PostPosted: Wed 19 Dec 2007, 12:15    Post subject:  

OK, here is another one that helps to illustrate AJs point. The bottom three curves are MemTotal-MemFree-Buffers-Cache, this is basically the minimum amount of memory required for it to work at all. The top three curves are just MemTotal-MemFree and give an indication of how much memory is allocated. My system has 512MB RAM so the kernel is being lazy about claiming back cache space that might no longer be in use. It is more efficient on processor cycles not to worry about claiming back cache space if it is not needed for something else.

The interesting point about the top curves is that after 70 seconds they show about 70MB of space still allocated to cache even though all the programs have long been killed. This space could be recovered if it was needed. My complete guess is that the space recovered when the programs are killed is clean and stale whereas the cache not recovered is dirty.
[edit]Reconsidering this, it might make more sense for the OS to clean up the dirty cache whilst its processor load is low. Recovering clean cache isn't so critical as it is very cheap to recover when and if it is needed[/edit]



Lots of ram and a slow processor allows cache space to be left allocated just in case it might be needed again (this is the reason for puppy's success, a bit of extra ram is generally cheaper than a faster processor)

Very little ram with a fast processor will involve lots and lots of swapping as cache space gets reclaimed aggressively for a higher priority process. Data may have to be reloaded from disk many times in order for a process to complete. The speed of access to your disk will be important here.

Very little ram and a slow processor results in your processor spending most of the precious few cycles it has swapping stuff to and from disk and getting very hot!

Terminology
Stale cache, no longer needed.
Clean cache has not been written to since it was loaded and can simply be overwritten if it is not being used.
Dirty cache has been written to since it was loaded and cannot simply be thrown away it must be written back to disk (expensive).

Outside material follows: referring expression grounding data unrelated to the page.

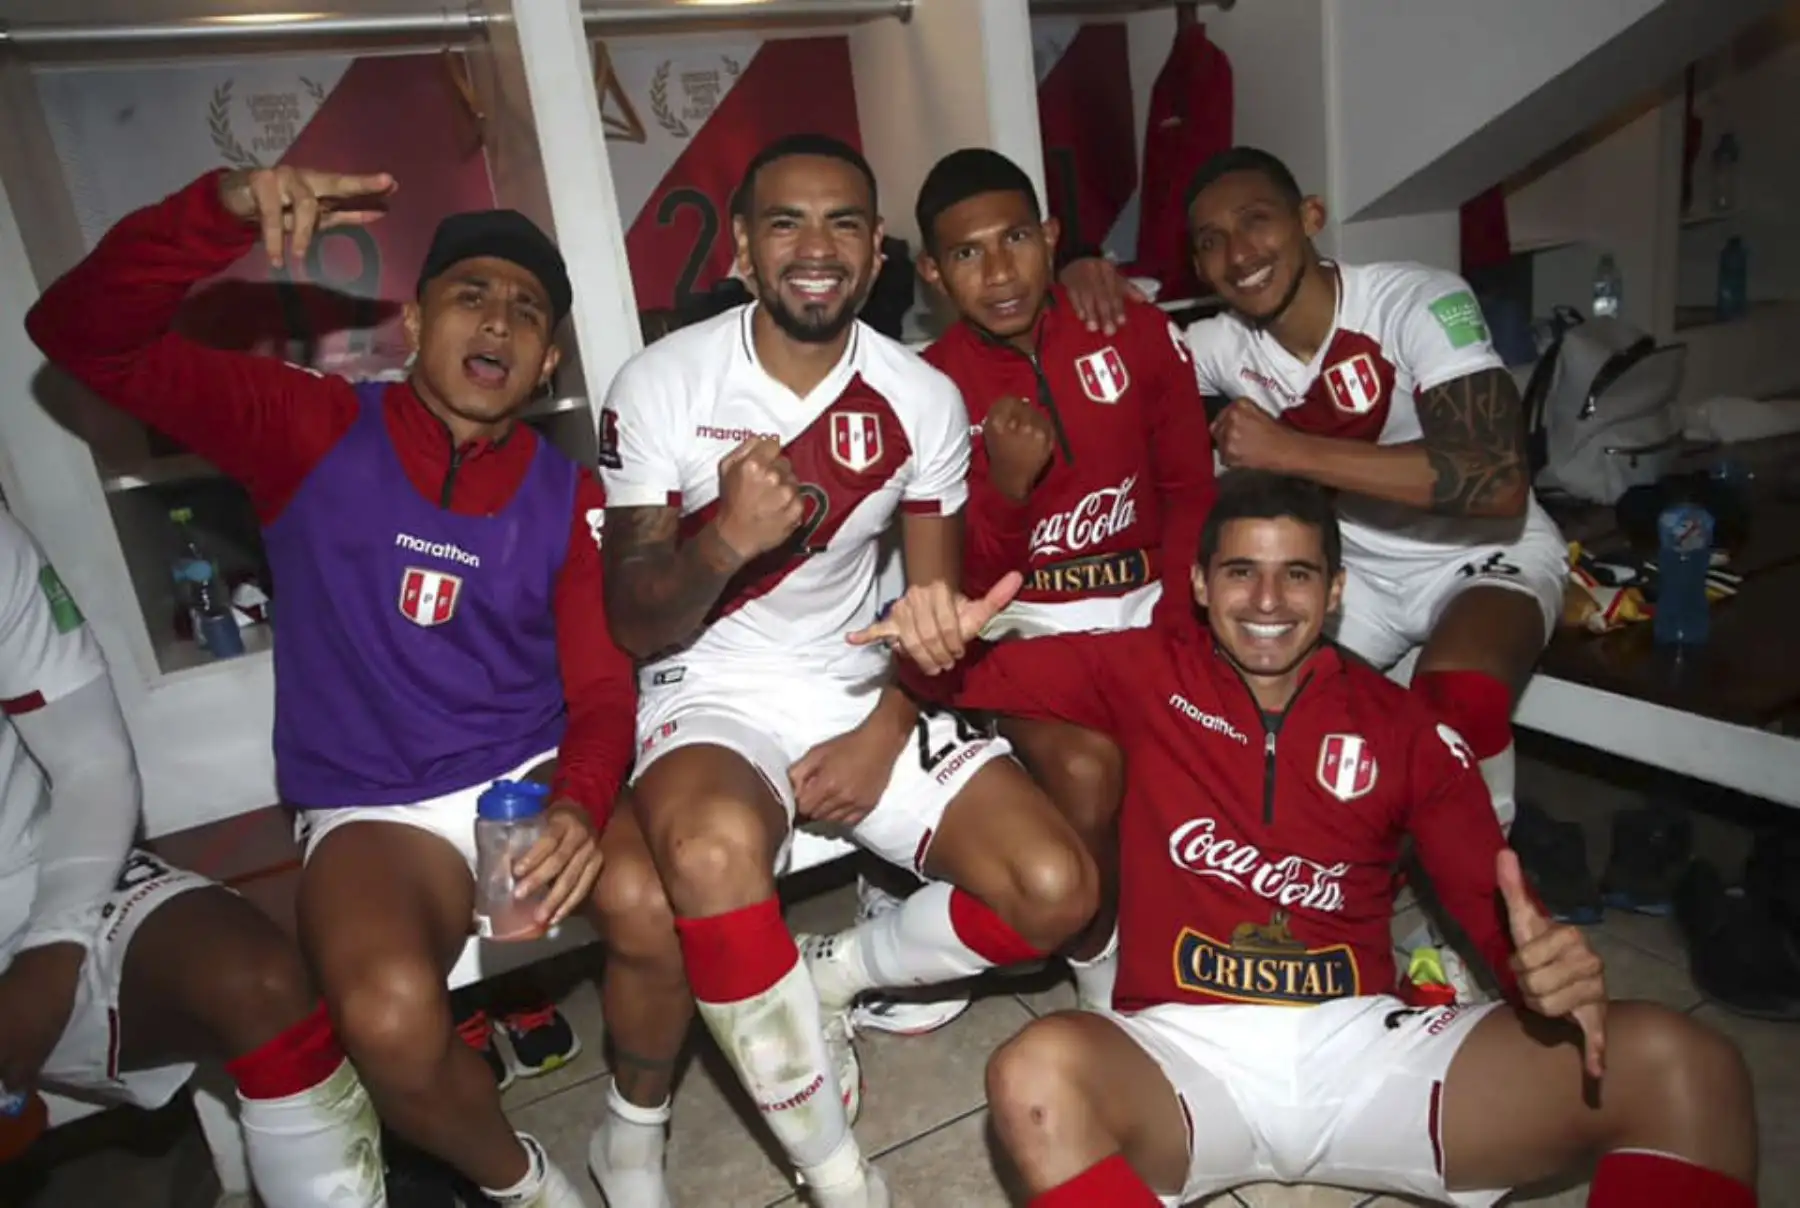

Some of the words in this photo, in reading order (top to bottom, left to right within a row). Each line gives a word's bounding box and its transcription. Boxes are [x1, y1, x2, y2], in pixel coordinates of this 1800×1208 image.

[395, 532, 480, 568] marathon
[1024, 557, 1136, 592] RISTAL
[1168, 693, 1248, 746] marathon
[1191, 944, 1344, 996] CRISTAL
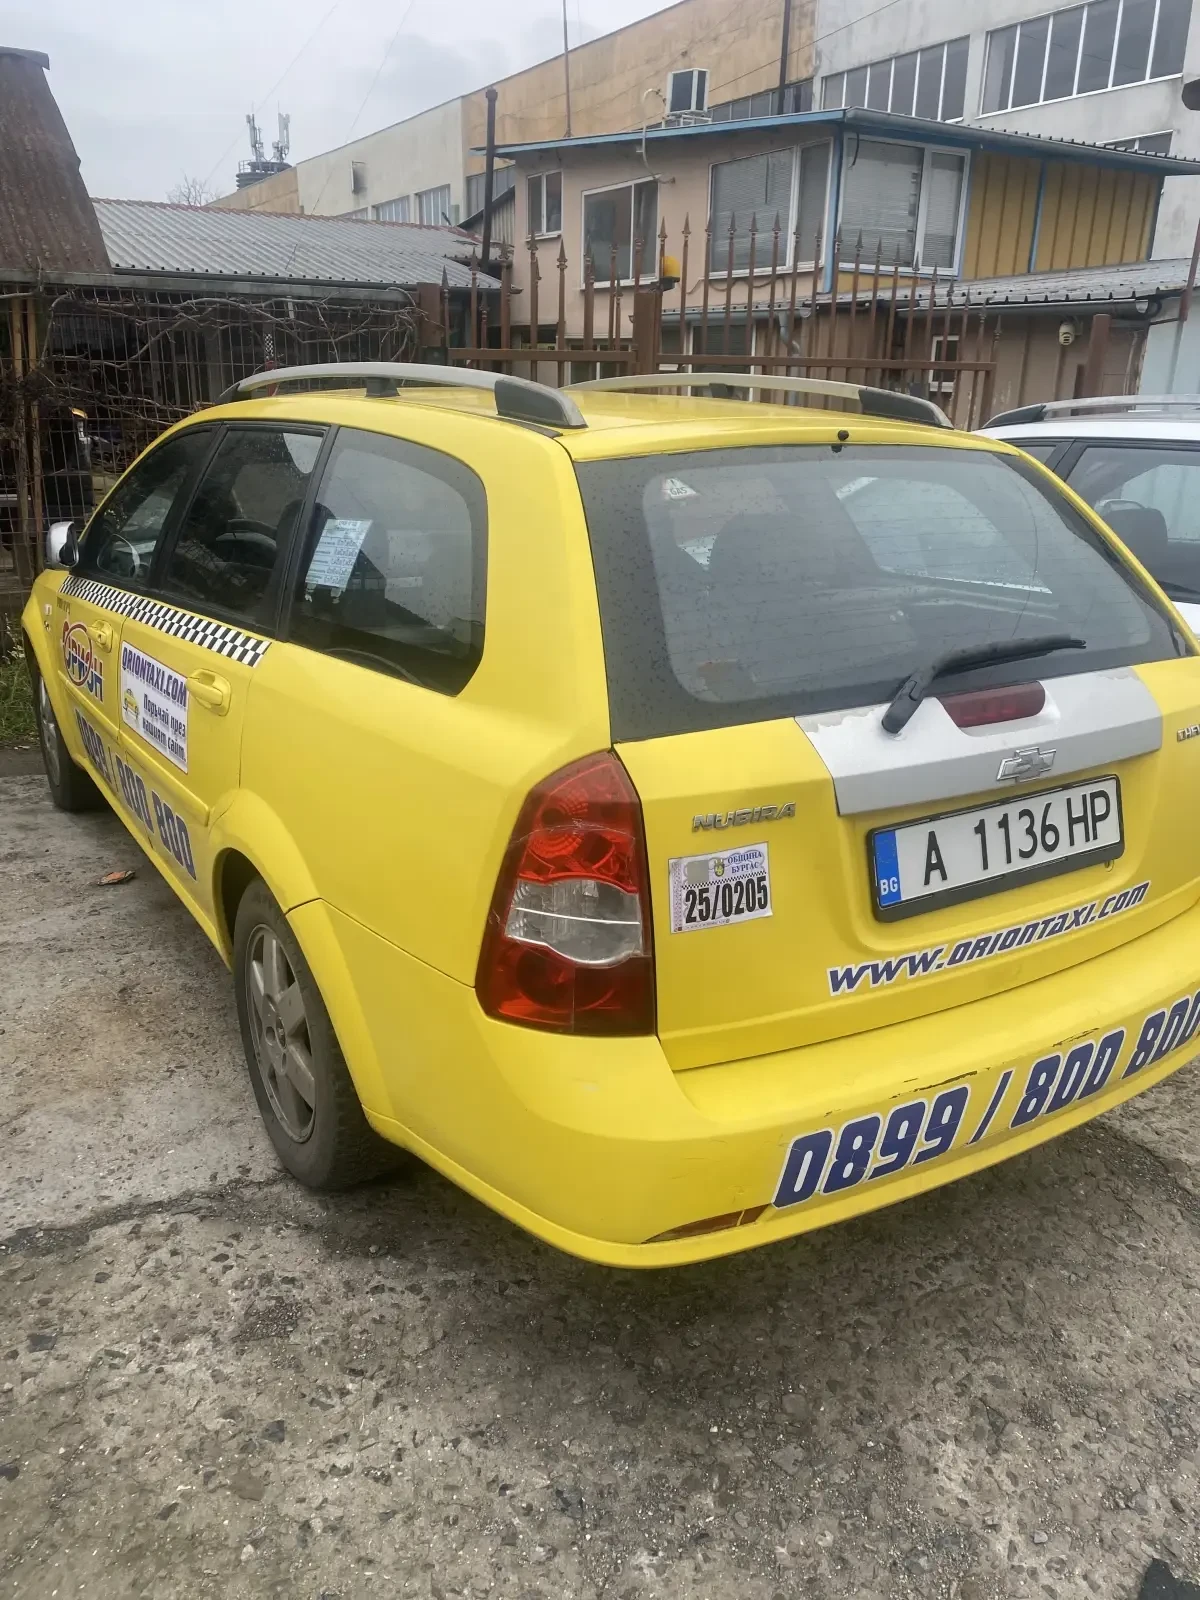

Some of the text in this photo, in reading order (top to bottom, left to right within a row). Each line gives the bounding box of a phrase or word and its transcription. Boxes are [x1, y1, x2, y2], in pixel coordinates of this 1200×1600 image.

[669, 486, 688, 496] GAS
[122, 646, 187, 708] ORIONTAXI.COM
[143, 693, 186, 738] Поръчай през
[115, 752, 155, 834] 800
[151, 789, 197, 882] 800
[692, 801, 796, 833] NUBIRA
[923, 789, 1112, 886] A 1136 HP
[727, 851, 762, 864] ОБЩИНА
[731, 861, 760, 874] БУРГАС
[684, 875, 769, 924] 25/0205
[879, 877, 899, 896] BG
[771, 988, 1200, 1209] 0899 / 800 800

A common misconception is that a deficiency in RAM can be completely overcome by creating some swap space, partition or file on disk. The problem with this is that disk space is still on disk and has comparatively low access times. The good side of swap space is that it is cheap to have lots of it so the kernel does not have to spend a lot of time managing it and can be lazy about reclaiming stale space.

It is generally a bad idea to have significantly more swap space than ram. This stops the kernel from being so careful about managing its space allocation and can can result in a lot of cycles being used up swapping stuff to and from disk.

My second year operating systems lecturer would be proud. Some of this stuff has stayed in my head for 6 years. I'm afraid I can't warrant for its accuracy though.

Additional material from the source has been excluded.